* Action item *
Only the pictures are to be left out, and the rest of the entries should be reproduced exactly.

* Data extract *
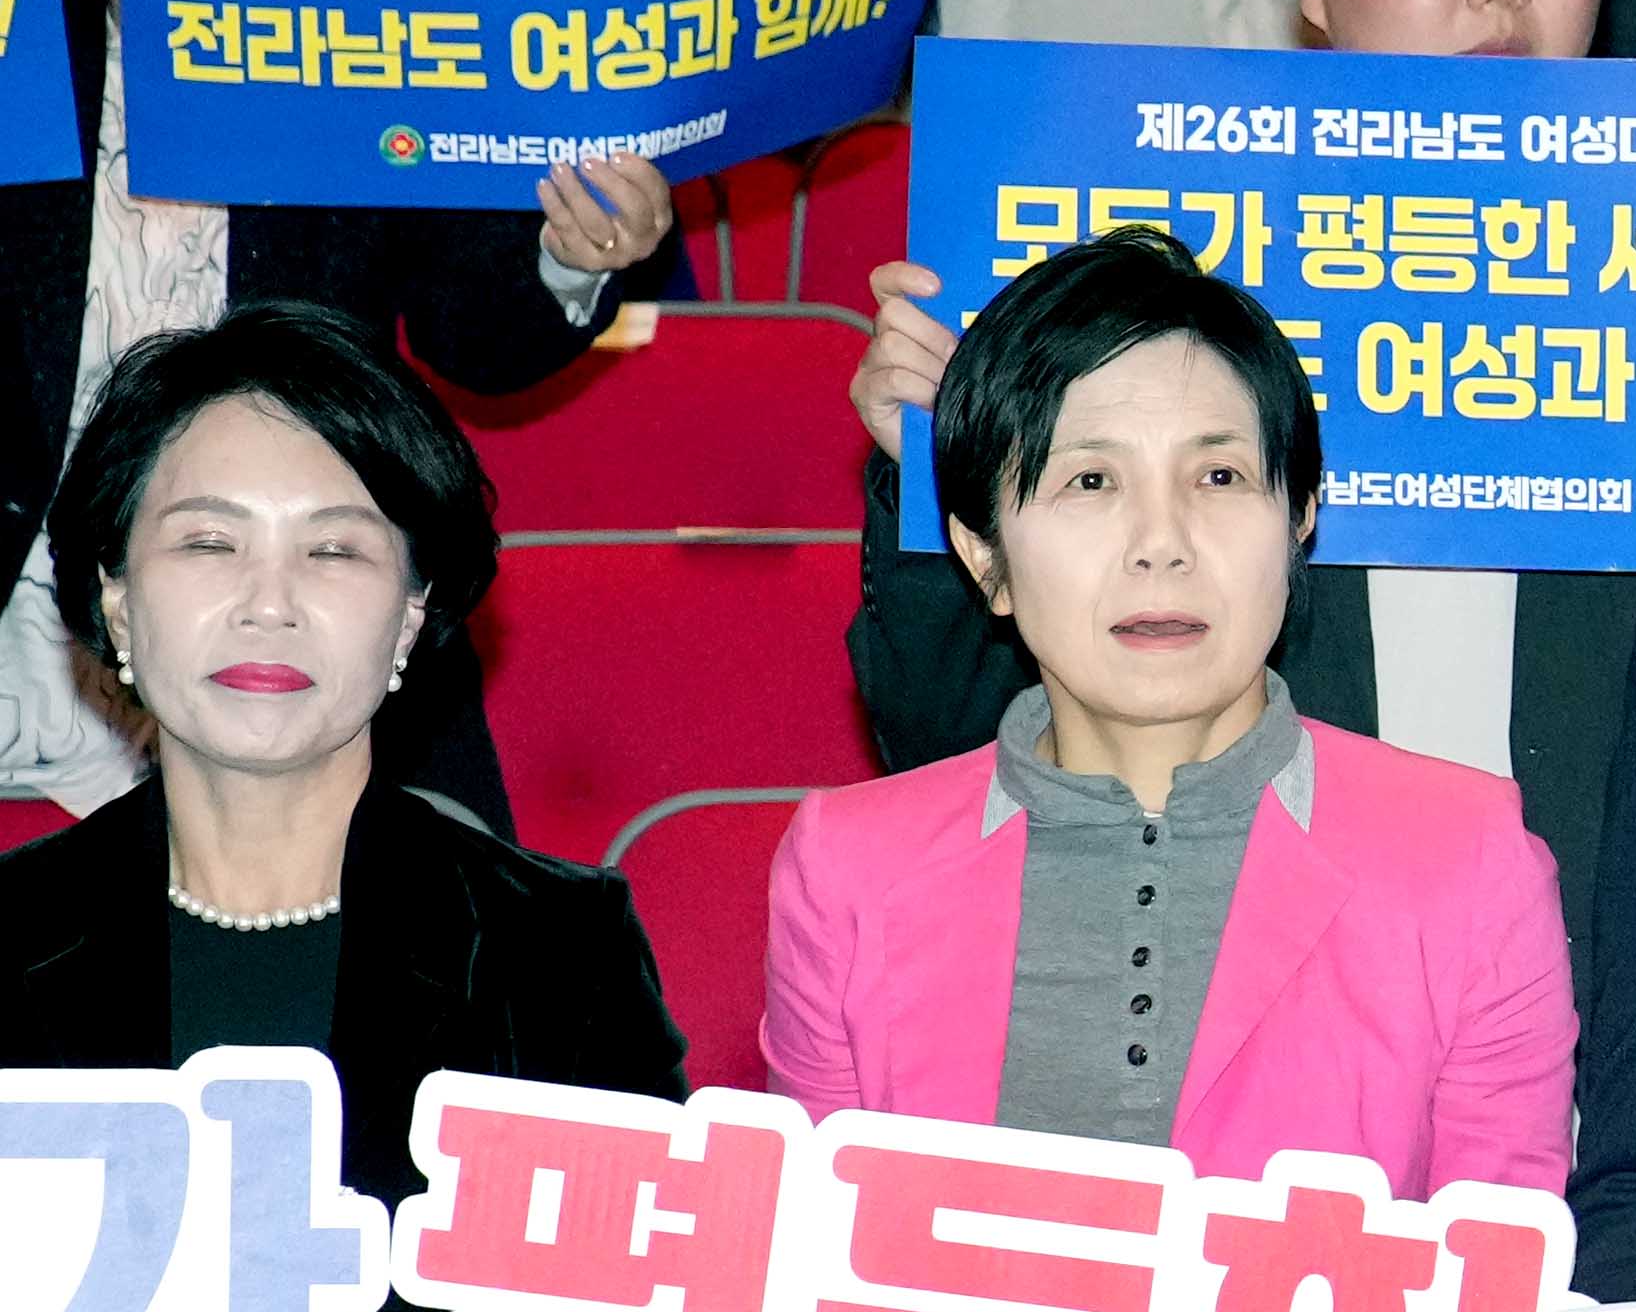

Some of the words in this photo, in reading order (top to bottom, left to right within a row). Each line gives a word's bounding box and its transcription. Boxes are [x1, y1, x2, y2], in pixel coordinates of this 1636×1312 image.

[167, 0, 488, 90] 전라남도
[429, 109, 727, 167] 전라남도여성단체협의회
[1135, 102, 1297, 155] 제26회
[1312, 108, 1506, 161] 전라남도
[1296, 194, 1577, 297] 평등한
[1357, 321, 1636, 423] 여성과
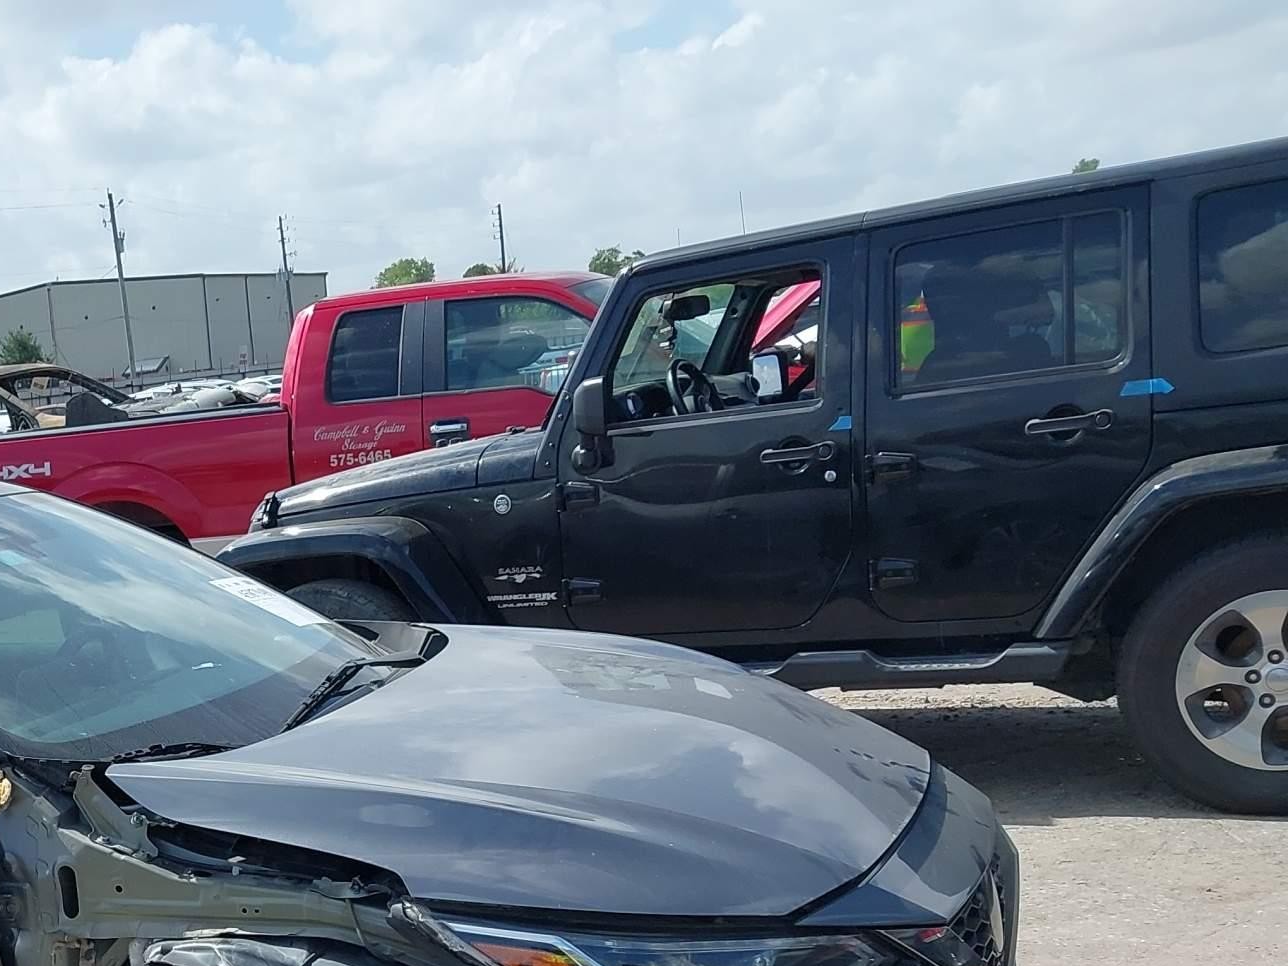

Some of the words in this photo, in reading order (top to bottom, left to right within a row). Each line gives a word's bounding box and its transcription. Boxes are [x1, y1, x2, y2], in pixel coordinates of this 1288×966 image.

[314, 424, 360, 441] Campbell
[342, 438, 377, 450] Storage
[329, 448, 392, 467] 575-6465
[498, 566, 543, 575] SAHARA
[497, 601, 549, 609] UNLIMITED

* Answer to the exercise *
Some of the words in this photo, in reading order (top to bottom, left to right within a row). Each line gives a word's bounding box and its transcription. Boxes are [x1, y1, x2, y2], in pixel coordinates of this 1636×1312 image.

[167, 0, 488, 90] 전라남도
[429, 109, 727, 167] 전라남도여성단체협의회
[1135, 102, 1297, 155] 제26회
[1312, 108, 1506, 161] 전라남도
[1296, 194, 1577, 297] 평등한
[1357, 321, 1636, 423] 여성과

Some of the words in this photo, in reading order (top to bottom, left to right within a row). Each line gives a word's bounding box and its transcription. Boxes are [x1, y1, x2, y2], in pixel coordinates of this 1288×966 image.

[314, 424, 360, 441] Campbell
[342, 438, 377, 450] Storage
[329, 448, 392, 467] 575-6465
[498, 566, 543, 575] SAHARA
[497, 601, 549, 609] UNLIMITED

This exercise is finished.